Ich habe erst vor ein paar Tagen ein Bild von mir mit raspelkurzen Haaren gesehen und war ehrlich gesagt geschockt. Ich habe mich in dieser Zeit gar nicht mehr im Spiegel angeschaut. Dadurch war es irre seltsam, nun dieses Foto von mir zu sehen. Es fühlt sich an wie eine andere Marie. Und ja, von glatt, langhaarig, auf kurz und jetzt lockig ist eine große Umgewöhnung für mich. Aber jede Phase hatte tatsächlich was für sich.
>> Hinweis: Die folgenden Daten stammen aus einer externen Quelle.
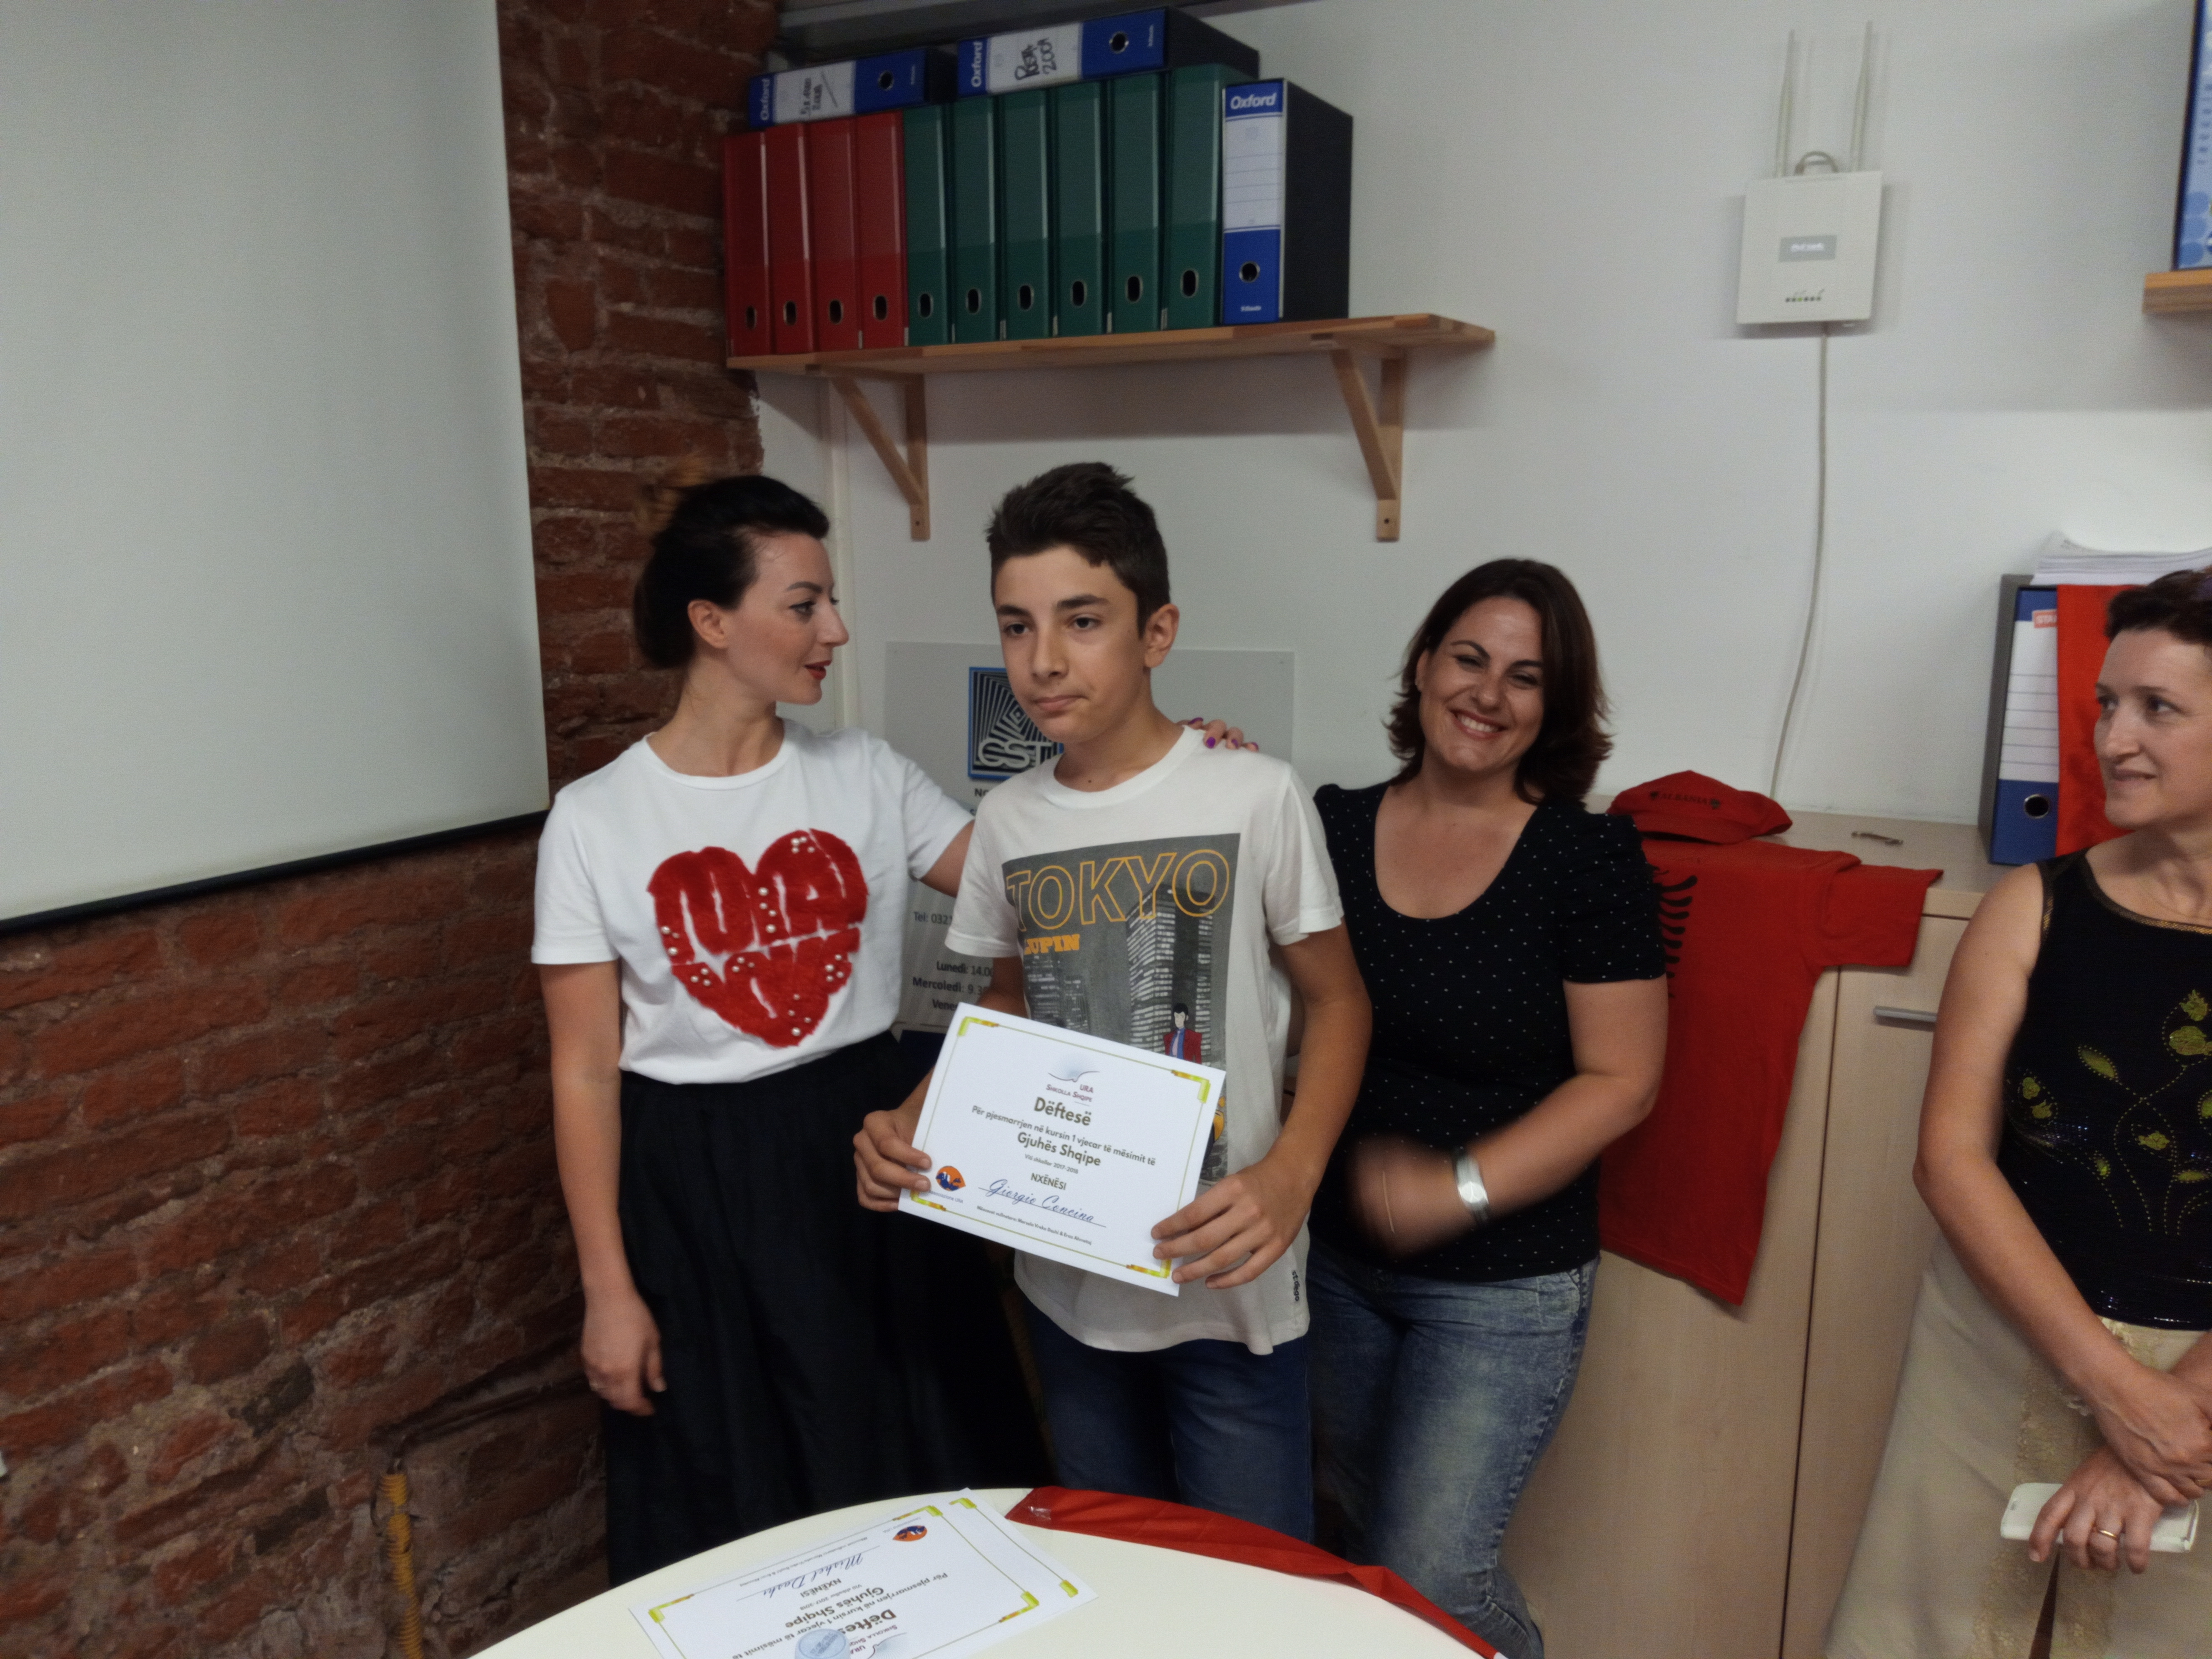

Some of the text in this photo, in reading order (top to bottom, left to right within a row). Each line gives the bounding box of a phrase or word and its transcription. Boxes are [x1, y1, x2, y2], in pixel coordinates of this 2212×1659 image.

Du, Annette, hattest früher schon „Charakterhaare“ und hast sie passenderweise wieder. Es sieht einfach gut aus, wie ich finde.
Annette: Oh, vielen Dank dir! Jetzt werde ich rot und meine Haare kräuseln sich vor Freude, hihi….
…
Du bist wie ich Dreifachmama. Meine Kinder zum Zeitpunkt meiner Diagnose 11, 9 und 3 Jahre alt. Deine Drei waren zur Therapiezeit allesamt Kleinkinder. Wie habt ihr deine Erkrankung in euren Familienalltag integriert? Habt ihr mit den Kindern darüber gesprochen?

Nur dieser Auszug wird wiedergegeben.